Argumentasi hukum adalah nama lain untuk penalaran hukum (legal reasoning).
Aktivitas penalaran hukum tentu tidak hanya dilakukan oleh hakim karena suatu kasus yang
dibawa ke persidangan adalah kasus yang telah melewati prosedur cukup panjang. Dalam
proses menuju ke tahap persidangan ini ada begitu banyak pihak yang ikut menstrukturkan
fakta yang terjadi, lalu menghubungkan struktur fakta itu dengan struktur norma
hukumnya, agar peristiwa konkret itu dapat dikualifikasikan sebagai peristiwa hukum.
Puncak dari proses penalaran hukum ini memang ada pada penalaran hukum yang dibuat
oleh hakim di dalam putusannya, sehingga tidak mengherankan apabila legal reasoning
kerap diidentikkan dengan judicial reasoning.
Bentuk konkret dari penalaran hukum dapat dilihat dari silogisme (inferensi
deduktif) yang bertitik tolak dari premis mayor, premis minor, dan konklusi. Premis mayor
biasanya diambil dari peraturan perundang-undangan atau sumber hukum lain yang
otoritatif. Pemilihan sumber hukum ini sesungguhnya tidak datang begitu saja. Pilihan itu
ditentukan secara sadar mengikuti faktanya. Jadi, faktalah yang menentukan hukumnya (ius
in causa positium).
Tatkala suatu norma hukum distrukturkan dan dijadikan sebagai premis mayor,
struktur itu sendiri merupa kan sebuah proposisi. Di dalam proposisi ada konsep-konsep
hukum yang dijalin. Ilmu hukum dogmatis (dogmatika hukum) kerap mengajarkan bahwa
proposisi ini sudah tersedia di dalam hukum positif. Dalam kenyataannya, tidak selalu
demikian! Hukum positif terkadang hanya menyediakan sebutan konsep-konsep hukum,
tetapi tidak sampai memberikan definisi yang tegas, apalagi sampai membangun proposisi
yang jelas untuk konsep-konsep itu.
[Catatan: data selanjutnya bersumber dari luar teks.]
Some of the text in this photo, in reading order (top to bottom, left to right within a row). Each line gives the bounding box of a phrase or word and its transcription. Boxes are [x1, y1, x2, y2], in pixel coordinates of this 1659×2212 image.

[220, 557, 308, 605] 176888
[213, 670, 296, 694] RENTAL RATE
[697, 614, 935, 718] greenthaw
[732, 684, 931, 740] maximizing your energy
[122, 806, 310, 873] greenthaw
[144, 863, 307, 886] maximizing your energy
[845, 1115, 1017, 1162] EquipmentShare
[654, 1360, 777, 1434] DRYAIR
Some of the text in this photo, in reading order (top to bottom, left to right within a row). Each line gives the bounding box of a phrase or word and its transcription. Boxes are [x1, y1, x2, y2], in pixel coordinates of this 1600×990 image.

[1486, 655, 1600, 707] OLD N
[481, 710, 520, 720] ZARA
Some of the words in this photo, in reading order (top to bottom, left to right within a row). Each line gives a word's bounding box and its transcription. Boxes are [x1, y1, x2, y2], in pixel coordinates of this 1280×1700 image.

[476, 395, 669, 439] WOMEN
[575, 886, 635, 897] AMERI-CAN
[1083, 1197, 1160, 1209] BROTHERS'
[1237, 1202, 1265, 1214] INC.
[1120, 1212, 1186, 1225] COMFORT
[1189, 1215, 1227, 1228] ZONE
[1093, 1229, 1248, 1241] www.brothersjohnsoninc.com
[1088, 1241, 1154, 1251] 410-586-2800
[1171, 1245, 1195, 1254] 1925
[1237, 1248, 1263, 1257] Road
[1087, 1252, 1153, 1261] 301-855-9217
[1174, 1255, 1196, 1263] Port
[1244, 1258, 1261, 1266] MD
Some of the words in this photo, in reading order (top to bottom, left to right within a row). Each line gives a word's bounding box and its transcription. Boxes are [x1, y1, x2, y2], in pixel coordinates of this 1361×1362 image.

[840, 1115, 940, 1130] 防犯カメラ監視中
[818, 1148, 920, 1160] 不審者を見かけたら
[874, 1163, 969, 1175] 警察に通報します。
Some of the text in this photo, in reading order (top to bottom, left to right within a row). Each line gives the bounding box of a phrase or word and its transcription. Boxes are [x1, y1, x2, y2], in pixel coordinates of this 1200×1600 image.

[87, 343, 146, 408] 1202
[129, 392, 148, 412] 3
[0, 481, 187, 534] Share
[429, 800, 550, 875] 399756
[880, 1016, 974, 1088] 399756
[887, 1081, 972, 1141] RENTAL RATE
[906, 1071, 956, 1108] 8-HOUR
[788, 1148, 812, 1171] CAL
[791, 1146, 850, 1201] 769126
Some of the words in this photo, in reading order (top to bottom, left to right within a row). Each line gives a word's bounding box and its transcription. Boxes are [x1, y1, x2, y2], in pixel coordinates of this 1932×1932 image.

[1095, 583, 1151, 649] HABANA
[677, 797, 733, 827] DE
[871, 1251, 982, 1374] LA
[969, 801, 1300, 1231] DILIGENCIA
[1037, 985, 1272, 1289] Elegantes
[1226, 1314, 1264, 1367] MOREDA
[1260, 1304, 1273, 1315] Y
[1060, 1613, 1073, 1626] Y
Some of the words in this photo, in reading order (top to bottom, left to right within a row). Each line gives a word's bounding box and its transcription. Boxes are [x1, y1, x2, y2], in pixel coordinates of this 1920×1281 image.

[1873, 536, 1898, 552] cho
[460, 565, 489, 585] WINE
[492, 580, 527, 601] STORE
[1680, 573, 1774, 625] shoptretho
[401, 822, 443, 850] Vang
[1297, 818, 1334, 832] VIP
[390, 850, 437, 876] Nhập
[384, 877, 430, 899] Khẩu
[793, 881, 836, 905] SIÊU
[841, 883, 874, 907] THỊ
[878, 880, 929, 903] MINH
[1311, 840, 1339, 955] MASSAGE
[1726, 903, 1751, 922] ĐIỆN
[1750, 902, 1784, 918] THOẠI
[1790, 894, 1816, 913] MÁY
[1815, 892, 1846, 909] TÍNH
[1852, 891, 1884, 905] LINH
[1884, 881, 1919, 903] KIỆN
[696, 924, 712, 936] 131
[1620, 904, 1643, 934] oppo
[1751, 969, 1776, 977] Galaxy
Padahal, proposisi pada sebuah premis mayor adalah
proposisi yang paling menentukan di dalam sebuah silogisme. Sebab silogisme adalah
proses benalar dengan sistem logika tertutup (closed logical system), yang tunduk pada
dalil-dalil yang dikenal di dalam silogisme.
Setiap putusan terdiri dari banyak silogisme. Banyaknya silogisme yang dibangun
sangat bergantung dari seberapa banyak unsur-unsur yang harus dibuktikan
keterpenuhannya oleh hakim. Misalnya, di dalam berbagai pasal ada kata “barangsiapa”
(dewasa ini digunakan nomenklatur “setiap orang”). Kata “barangsiapa” ini pada
hakikatnya merupakan sebuah konsep hukum, yang termasuk dalam subjek norma. Subjek
norma adalah unsur norma yang harus, bahkan pertama-tama dibuktikan keterpenuhannya.
Misalnya, kita ingin mencari jawaban apakah seorang pelaku bernama “X” dalam tindak
pidana pada Pasal 156a Kitab Undang-Undang Hukum Pidana telah memenuhi unsur
“barangsiapa”. Untuk itu, sekalipun tidak secara eksplisit dan rigid dirumuskan di dalam
suatu putusan, akan terkandung di dalamnya struktur yang menunjukkan silogisme yang
pada akhirnya menyimpulkan bahwa “X” adalah “barangsiapa” dalam perkara itu atau
bukan “barangsiapa”. Kesimpulan itu sangat bergantung pada seperti apa rumusan
proposisi yang dibangun dalam premis mayor.
Premis Subjek hukum yang mampu dimintakan pertanggungjawaban secara
mayor hukum mengemban hak dan kewajiban adalah “barangsiapa”
sebagaimana dimaksud dalam Pasal 156a KUHP.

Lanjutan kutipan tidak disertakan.